Answer: Subsidies to farmers has always been a debatable issue. It is beyond doubt that subsidies result in huge financial burden on the government. But in the absence of subsidy, only the rich farmers would be benefited from new technologies; like HYV, fertilizers, pesticides and irrigation facilities. This will make the rich farmers more prosperous but the poor farmers would become even worse. Subsidizing HYV seeds, fertilizers, farm equipments, etc. helps even small farmers to improve their productivity. In the long run, good farm output benefits not only the farmers but the whole nation. Hence, in spite of putting some financial burden on the government, subsidies definitely help the farming community in particular and the whole society in general.
Question 15: Why, despite the implementation of green revolution, 65 per cent of our population continued to be engaged in the agriculture sector till 1990?
Answer: During 1950s, the contribution of agriculture to the GDP was 59%; which decreased substantially to 35% by 1990. Contribution of other sectors in the GDP increased sharply during this period.

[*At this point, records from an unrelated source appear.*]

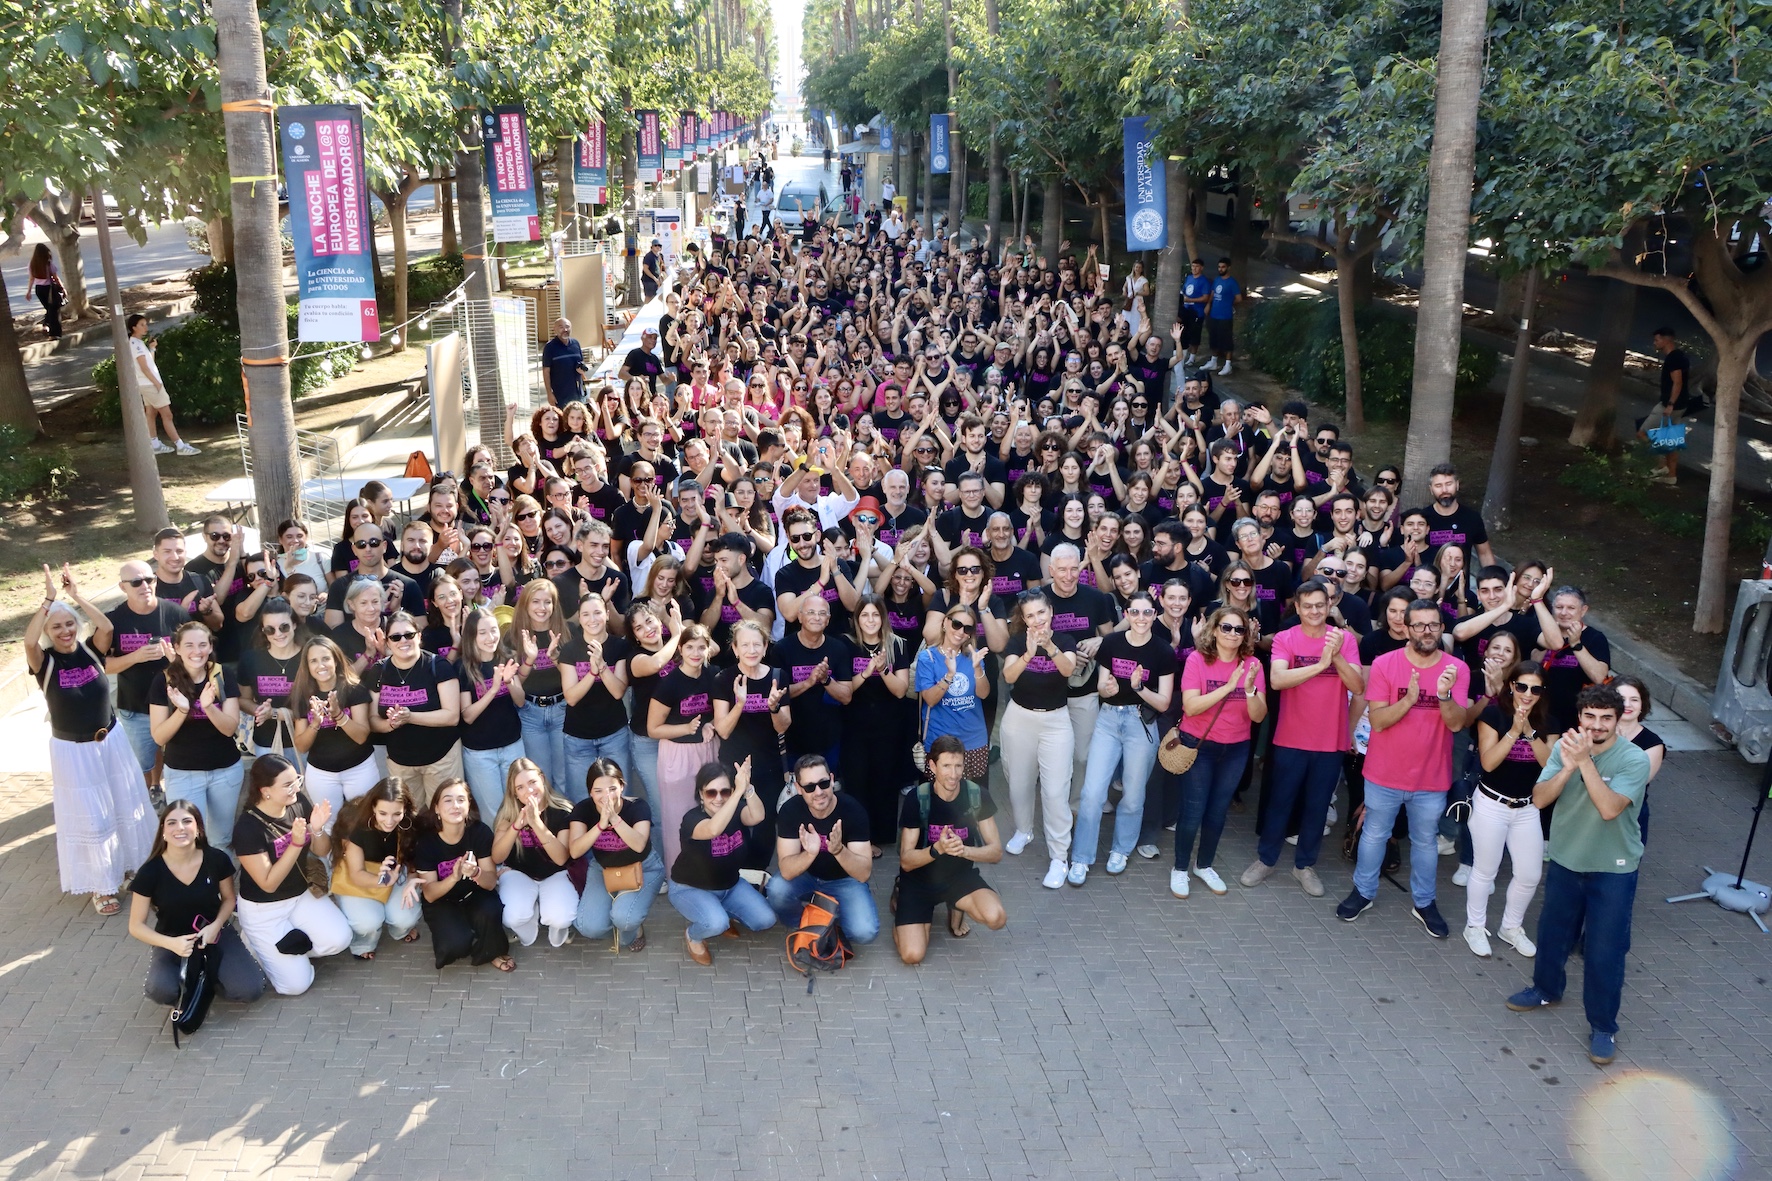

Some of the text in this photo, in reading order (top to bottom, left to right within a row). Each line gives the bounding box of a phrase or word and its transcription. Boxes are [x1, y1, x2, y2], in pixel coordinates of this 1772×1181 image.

[504, 136, 512, 148] DE
[496, 144, 507, 190] LA NOCHE
[506, 150, 516, 189] EUROPEA
[1136, 142, 1145, 204] UNIVERSIDAD
[320, 124, 343, 251] EUROPEA DE L@S
[336, 123, 360, 252] INVESTIGADOR@S
[1145, 189, 1153, 202] DE
[309, 174, 328, 253] LA NOCHE
[308, 285, 322, 293] para
[316, 268, 346, 276] CIENCIA
[364, 307, 374, 316] 62

But employment generation in secondary and tertiary sectors did not increase at the same pace. As a result, even after about four decades of the planned economy, contribution of agricultural sector in employment generation remained more or less same. 65% of the total population still continued to be engaged in agriculture till 1990.
Question 16: Though public sector is very essential for industries, many public sector undertakings incur huge losses and are a drain on the economy’s resources. Discuss the usefulness of public sector undertakings in the light of this fact.

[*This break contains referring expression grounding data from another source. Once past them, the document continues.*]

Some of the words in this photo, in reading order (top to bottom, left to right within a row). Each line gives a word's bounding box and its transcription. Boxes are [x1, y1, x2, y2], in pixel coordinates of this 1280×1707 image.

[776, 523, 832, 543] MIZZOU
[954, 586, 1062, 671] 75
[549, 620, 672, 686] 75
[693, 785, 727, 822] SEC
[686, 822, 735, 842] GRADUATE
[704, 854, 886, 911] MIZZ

Answer: Public sector undertaking’s main goal is public welfare rather than profit making. If a private sector company is running into losses, then it will close its shop. It looks like an ideal scenario but imagine about the families of those people who lose jobs in this process. In case of a public sector company; incurring losses; the government continues to operate the loss making undertaking to keep the larger interest of the society in mind. Moreover, public sector undertakings usually produce goods or services which are needed by people so that even the poor can afford such goods and services.
Question 17: Explain how import substitution can protect domestic industry.
Answer: If domestic industry can grow to such a level then it will be able to substitute the imports. Imports are always costlier than locally produced goods, because importing something involves transportation costs and tariffs. Apart from reducing the cost of a particular product, import substitution also gives an opportunity to local players to gain expertise and to grow in terms of revenue. Thus, import substitution helps in protecting the domestic industry as well.
Question 18: Why and how was private sector regulated under the IPR 1956?
Answer: Under the IPR 1956, private sector was regulated through licensing system. To start a business, a company had to obtain a license from the government. The government also put limit on the quantity of goods produced so that production should not be more than what the economy needed. Certain sectors were exclusively reserved for small scale sector. It was believed that small scale sector would provide more employment to people. If a company wished to open a factory in backward area, then obtaining a license was very easy. Thus, opening a new venture or capacity expansion was strictly controlled by the government.
Question 19: Match the columns
- Prime Minister: Chairperson of the Planning Commission
- Gross Domestic Product: The money value of all the final goods and services produced within the economy in one year.
- Quota: Quantity of goods that can be imported.
- Land Reforms: Improvements in the field of agriculture to increase its productivity.
- HYV Seeds: Seeds that give large proportion of output.
- Subsidy: The monetary assistance given by government for production activities.